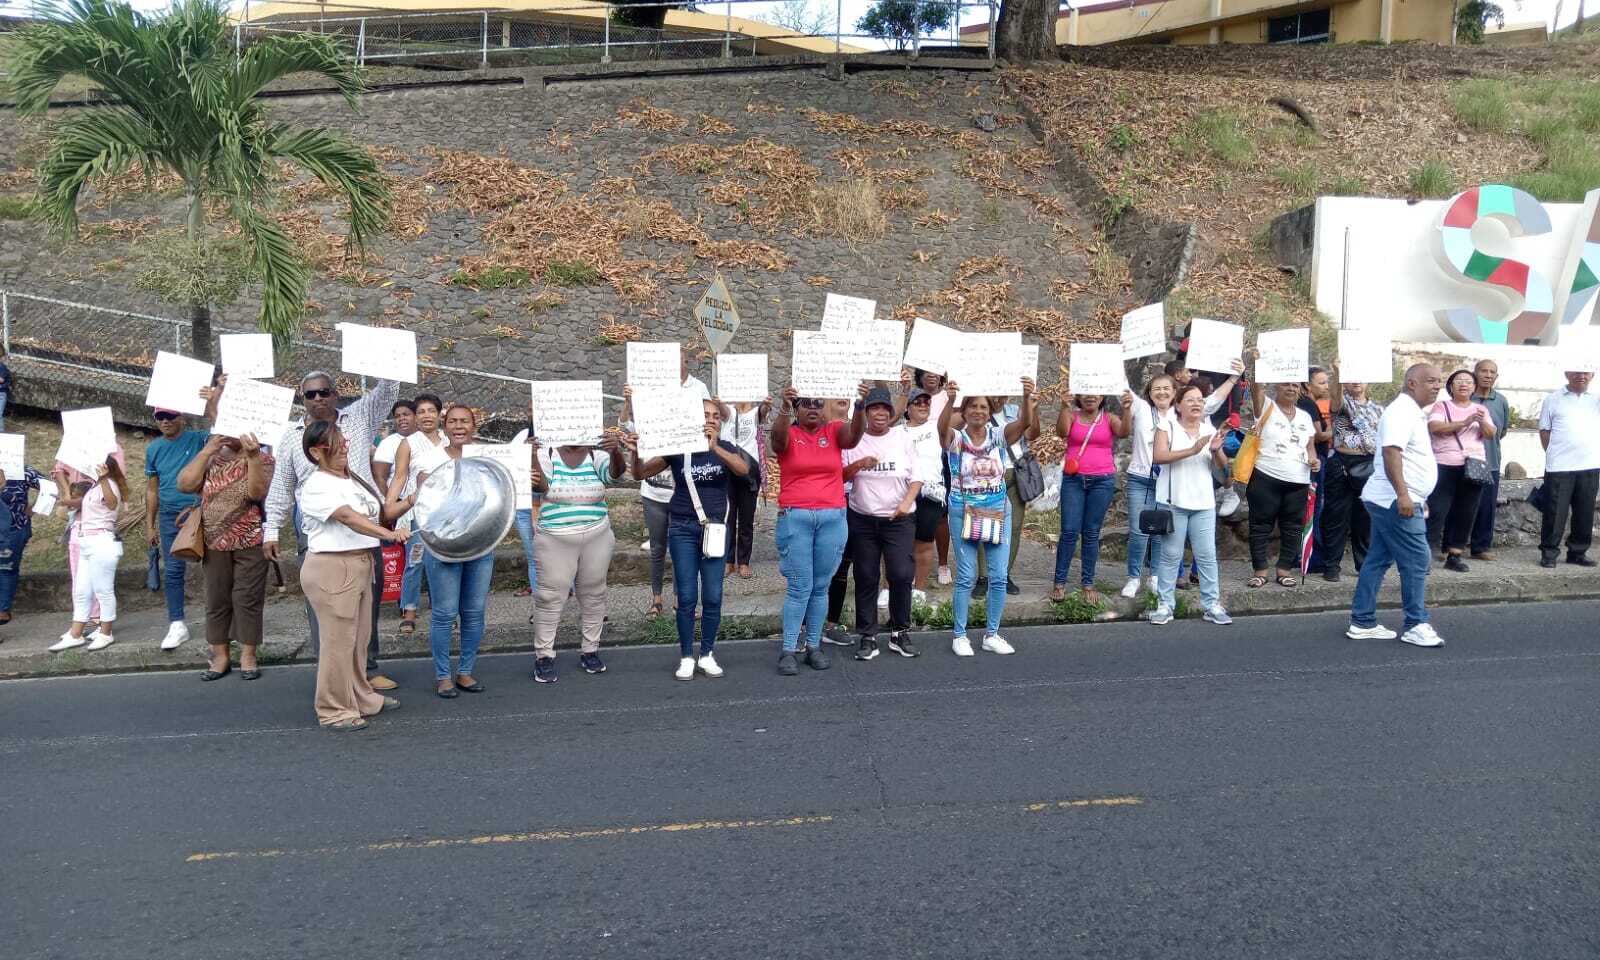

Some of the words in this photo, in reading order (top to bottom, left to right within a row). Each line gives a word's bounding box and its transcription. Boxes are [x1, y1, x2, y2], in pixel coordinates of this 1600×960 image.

[705, 296, 732, 311] REDUZCA
[714, 310, 722, 319] LA
[700, 316, 734, 333] VELOCIDAD
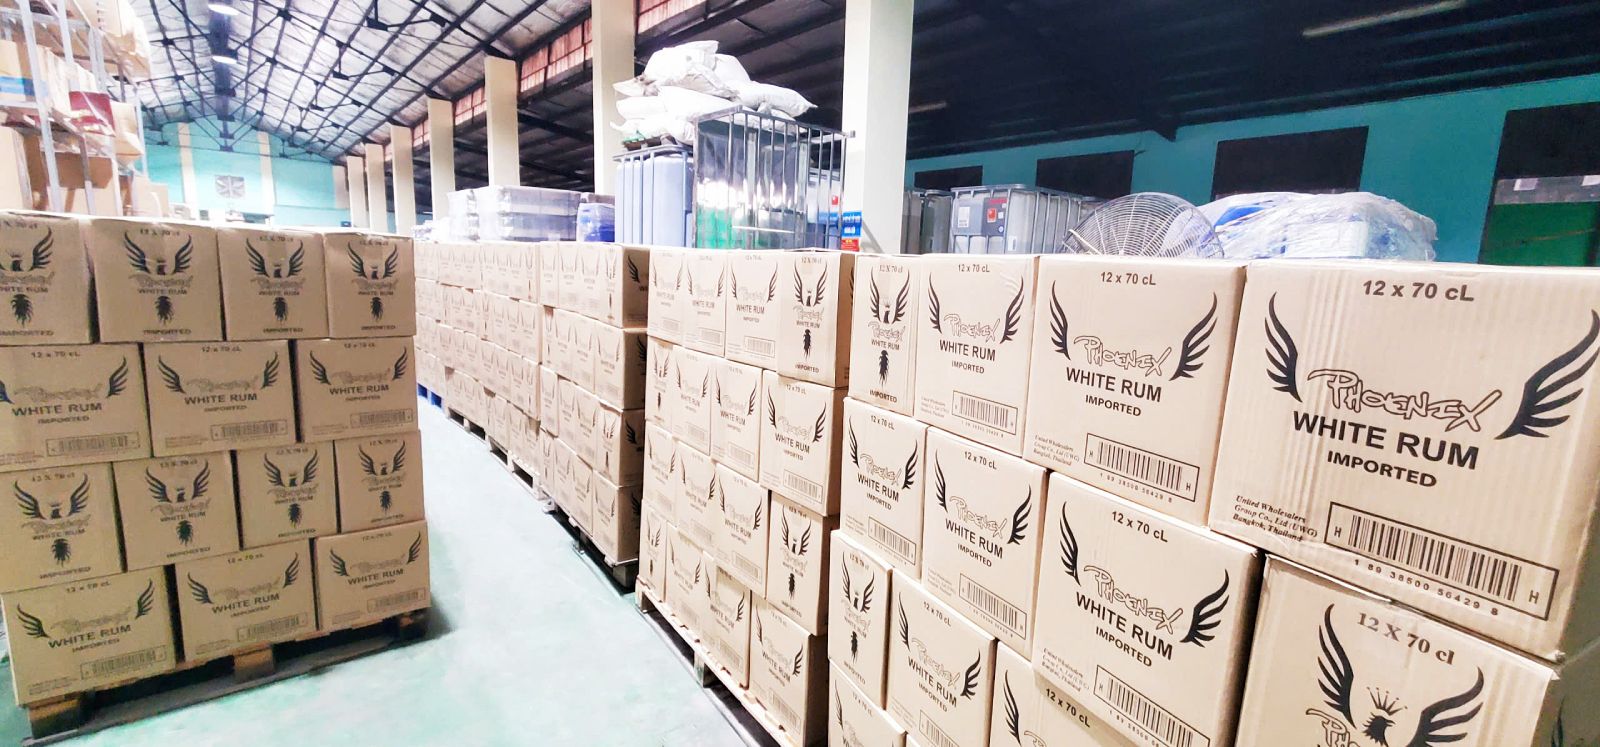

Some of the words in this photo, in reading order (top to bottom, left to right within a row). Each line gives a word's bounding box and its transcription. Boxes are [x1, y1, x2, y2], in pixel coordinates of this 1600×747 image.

[958, 264, 965, 272] 12
[972, 264, 980, 272] 70
[982, 264, 990, 272] cL
[1101, 272, 1112, 283] 12
[1116, 274, 1122, 283] x
[1126, 273, 1138, 284] 70
[1142, 274, 1156, 286] cL
[1363, 280, 1385, 296] 12
[1390, 284, 1404, 297] x
[1412, 282, 1437, 299] 70
[1444, 285, 1474, 302] cL
[940, 340, 969, 356] WHITE
[972, 346, 996, 362] RUM
[952, 361, 985, 374] IMPORTED
[329, 386, 362, 396] WHITE
[366, 384, 390, 392] RUM
[870, 390, 898, 402] IMPORTED
[1066, 367, 1116, 392] WHITE
[1121, 379, 1162, 402] RUM
[12, 404, 62, 416] WHITE
[68, 402, 102, 413] RUM
[184, 395, 226, 406] WHITE
[230, 392, 257, 402] RUM
[1085, 394, 1142, 417] IMPORTED
[1293, 410, 1386, 450] WHITE
[1396, 431, 1479, 470] RUM
[964, 451, 972, 460] 12
[978, 456, 987, 466] 70
[988, 460, 997, 470] cL
[1327, 450, 1437, 488] IMPORTED
[858, 472, 880, 493] WHITE
[882, 484, 900, 502] RUM
[1234, 504, 1258, 518] Group
[1274, 516, 1289, 528] Ltd
[1288, 520, 1318, 538] (UWG)
[1235, 494, 1260, 508] United
[1260, 501, 1306, 523] Wholesalers
[946, 518, 976, 544] WHITE
[978, 536, 1003, 559] RUM
[1112, 511, 1123, 524] 12
[1126, 518, 1134, 528] x
[1137, 520, 1150, 534] 70
[1154, 528, 1168, 543] cL
[958, 544, 992, 567] IMPORTED
[348, 572, 380, 586] WHITE
[382, 568, 404, 578] RUM
[1354, 558, 1360, 566] 1
[1367, 563, 1382, 574] 89
[1390, 570, 1430, 591] 38500
[1437, 588, 1481, 609] 56429
[1491, 606, 1499, 616] 8
[211, 599, 250, 614] WHITE
[254, 592, 280, 604] RUM
[48, 630, 96, 648] WHITE
[100, 624, 132, 638] RUM
[1076, 592, 1126, 633] WHITE
[1132, 624, 1173, 661] RUM
[1358, 612, 1380, 630] 12
[1384, 620, 1402, 642] X
[1406, 633, 1430, 654] 70
[1436, 648, 1456, 665] cl
[1096, 626, 1152, 667] IMPORTED
[908, 656, 934, 687] WHITE
[936, 682, 957, 708] RUM
[918, 682, 947, 712] IMPORTED
[1046, 688, 1056, 702] 12
[1058, 698, 1064, 708] x
[1066, 702, 1077, 718] 70
[1079, 712, 1091, 728] cL
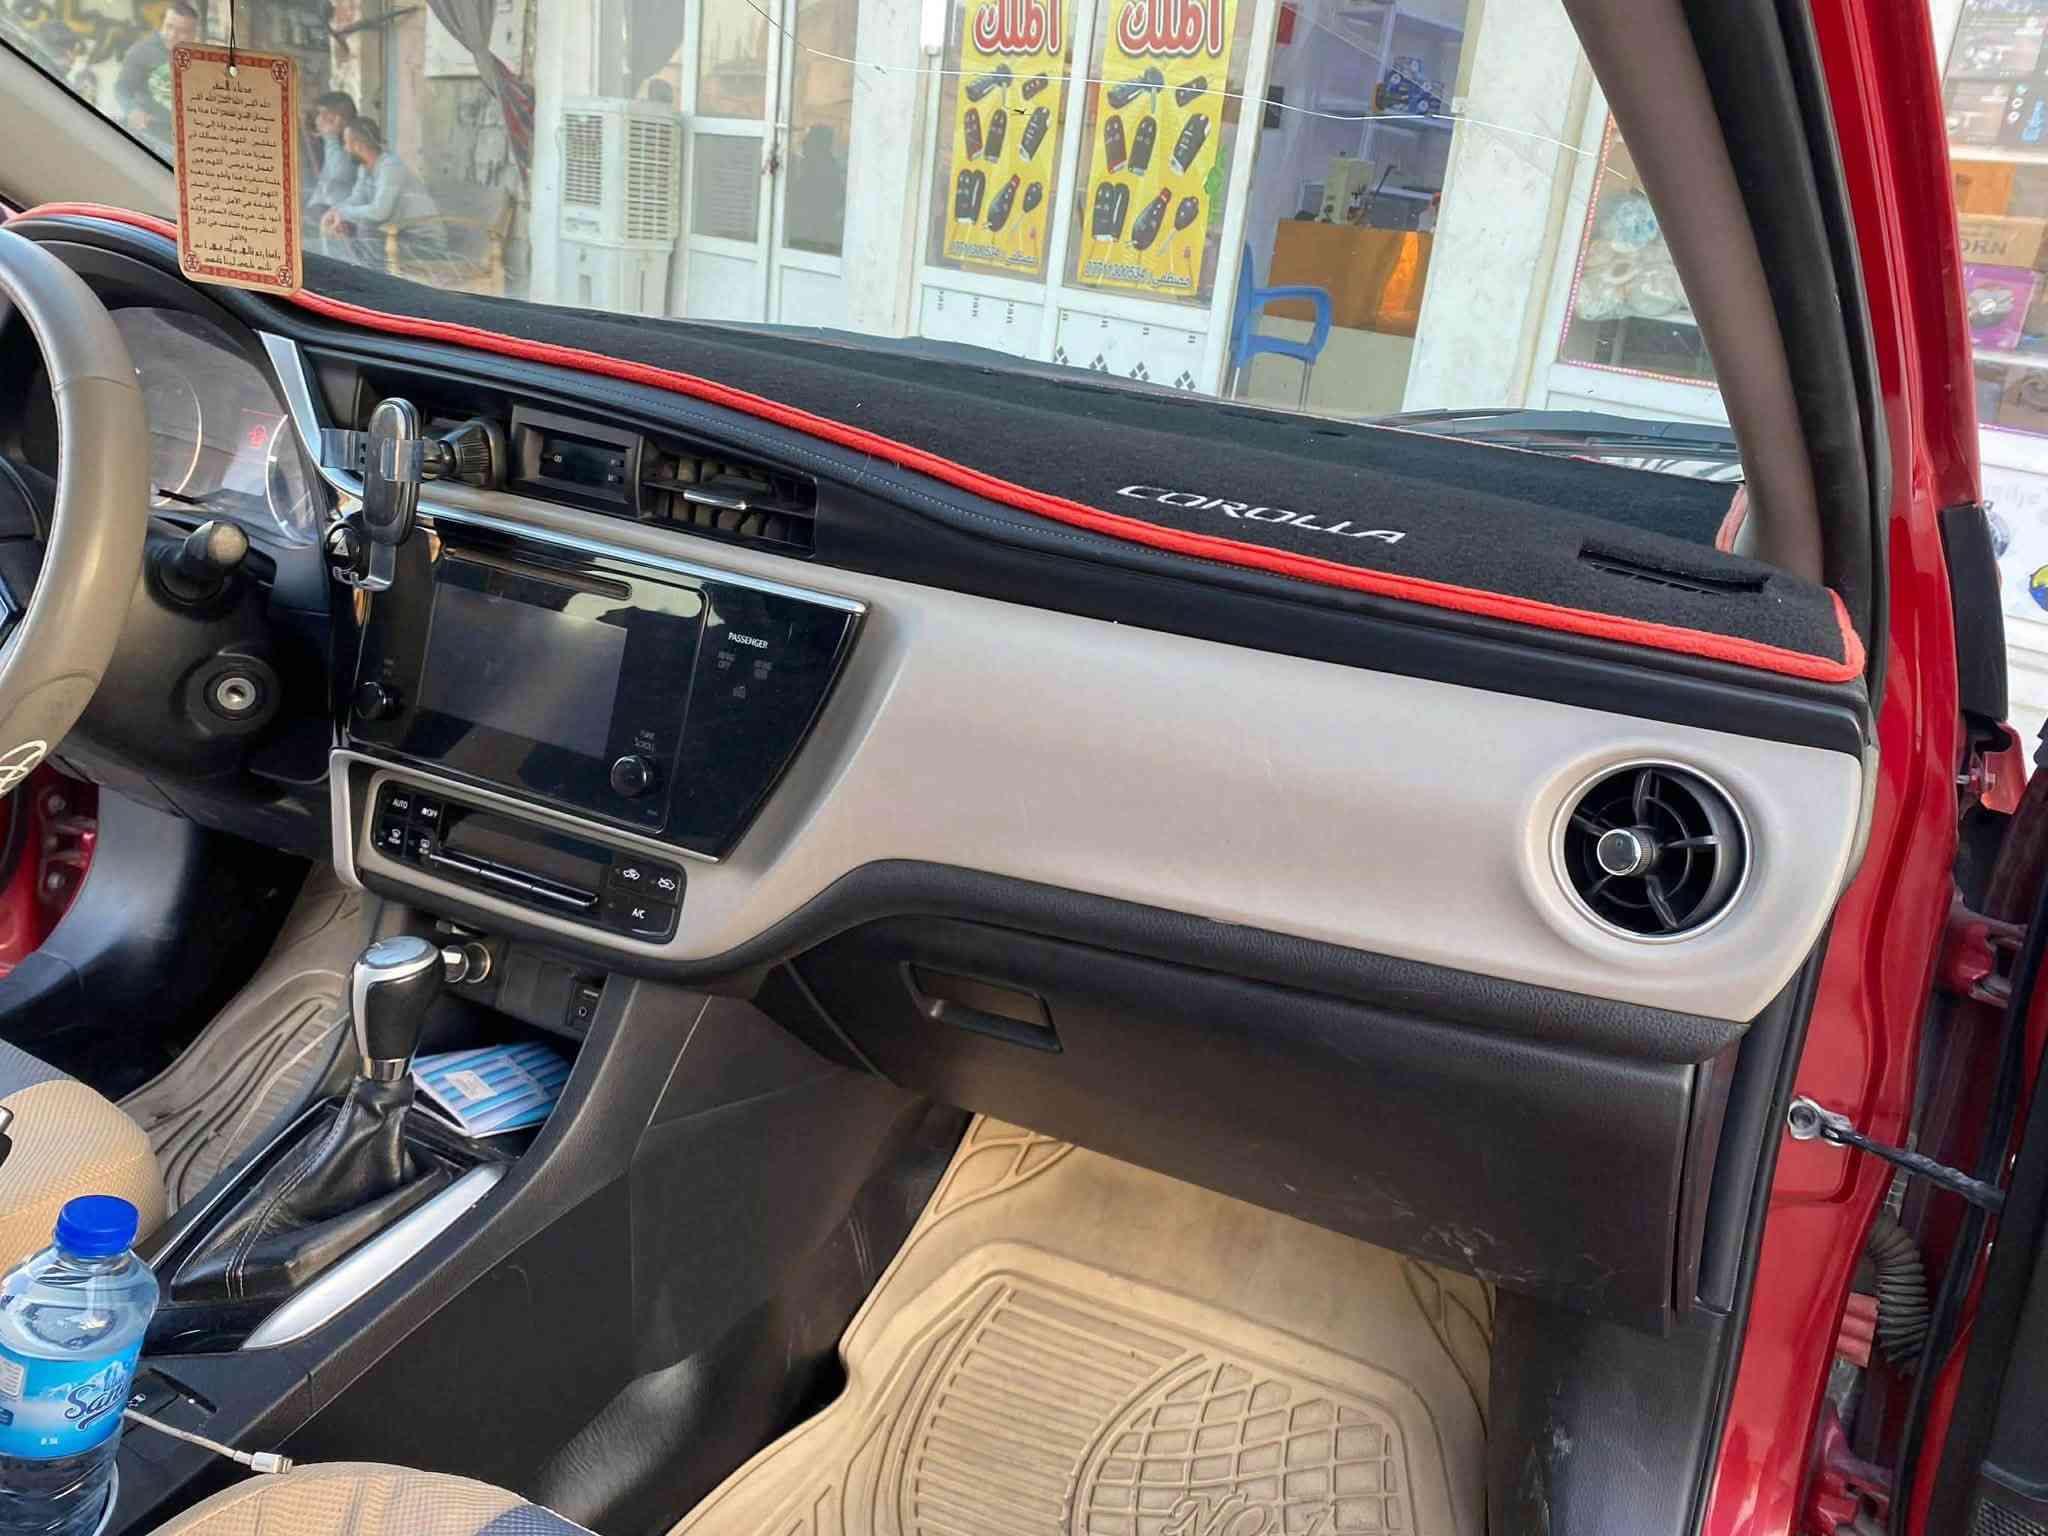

◆ TASK DIRECTIONS ◆
Return the whole listing word for word. Pictures stay out of it.

◆ ANSWER SPACE ◆
Some of the words in this photo, in reading order (top to bottom, left to right within a row). Each line gives a word's bounding box and its transcription. Boxes are [x1, y1, x2, y2], in pixel coordinates of this 1600×960 image.

[705, 296, 732, 311] REDUZCA
[714, 310, 722, 319] LA
[700, 316, 734, 333] VELOCIDAD

Some of the words in this photo, in reading order (top to bottom, left to right within a row). Each line gives a word's bounding box and its transcription. Boxes are [x1, y1, x2, y2], in pixel coordinates of this 1600×747 image.

[958, 264, 965, 272] 12
[972, 264, 980, 272] 70
[982, 264, 990, 272] cL
[1101, 272, 1112, 283] 12
[1116, 274, 1122, 283] x
[1126, 273, 1138, 284] 70
[1142, 274, 1156, 286] cL
[1363, 280, 1385, 296] 12
[1390, 284, 1404, 297] x
[1412, 282, 1437, 299] 70
[1444, 285, 1474, 302] cL
[940, 340, 969, 356] WHITE
[972, 346, 996, 362] RUM
[952, 361, 985, 374] IMPORTED
[329, 386, 362, 396] WHITE
[366, 384, 390, 392] RUM
[870, 390, 898, 402] IMPORTED
[1066, 367, 1116, 392] WHITE
[1121, 379, 1162, 402] RUM
[12, 404, 62, 416] WHITE
[68, 402, 102, 413] RUM
[184, 395, 226, 406] WHITE
[230, 392, 257, 402] RUM
[1085, 394, 1142, 417] IMPORTED
[1293, 410, 1386, 450] WHITE
[1396, 431, 1479, 470] RUM
[964, 451, 972, 460] 12
[978, 456, 987, 466] 70
[988, 460, 997, 470] cL
[1327, 450, 1437, 488] IMPORTED
[858, 472, 880, 493] WHITE
[882, 484, 900, 502] RUM
[1234, 504, 1258, 518] Group
[1274, 516, 1289, 528] Ltd
[1288, 520, 1318, 538] (UWG)
[1235, 494, 1260, 508] United
[1260, 501, 1306, 523] Wholesalers
[946, 518, 976, 544] WHITE
[978, 536, 1003, 559] RUM
[1112, 511, 1123, 524] 12
[1126, 518, 1134, 528] x
[1137, 520, 1150, 534] 70
[1154, 528, 1168, 543] cL
[958, 544, 992, 567] IMPORTED
[348, 572, 380, 586] WHITE
[382, 568, 404, 578] RUM
[1354, 558, 1360, 566] 1
[1367, 563, 1382, 574] 89
[1390, 570, 1430, 591] 38500
[1437, 588, 1481, 609] 56429
[1491, 606, 1499, 616] 8
[211, 599, 250, 614] WHITE
[254, 592, 280, 604] RUM
[48, 630, 96, 648] WHITE
[100, 624, 132, 638] RUM
[1076, 592, 1126, 633] WHITE
[1132, 624, 1173, 661] RUM
[1358, 612, 1380, 630] 12
[1384, 620, 1402, 642] X
[1406, 633, 1430, 654] 70
[1436, 648, 1456, 665] cl
[1096, 626, 1152, 667] IMPORTED
[908, 656, 934, 687] WHITE
[936, 682, 957, 708] RUM
[918, 682, 947, 712] IMPORTED
[1046, 688, 1056, 702] 12
[1058, 698, 1064, 708] x
[1066, 702, 1077, 718] 70
[1079, 712, 1091, 728] cL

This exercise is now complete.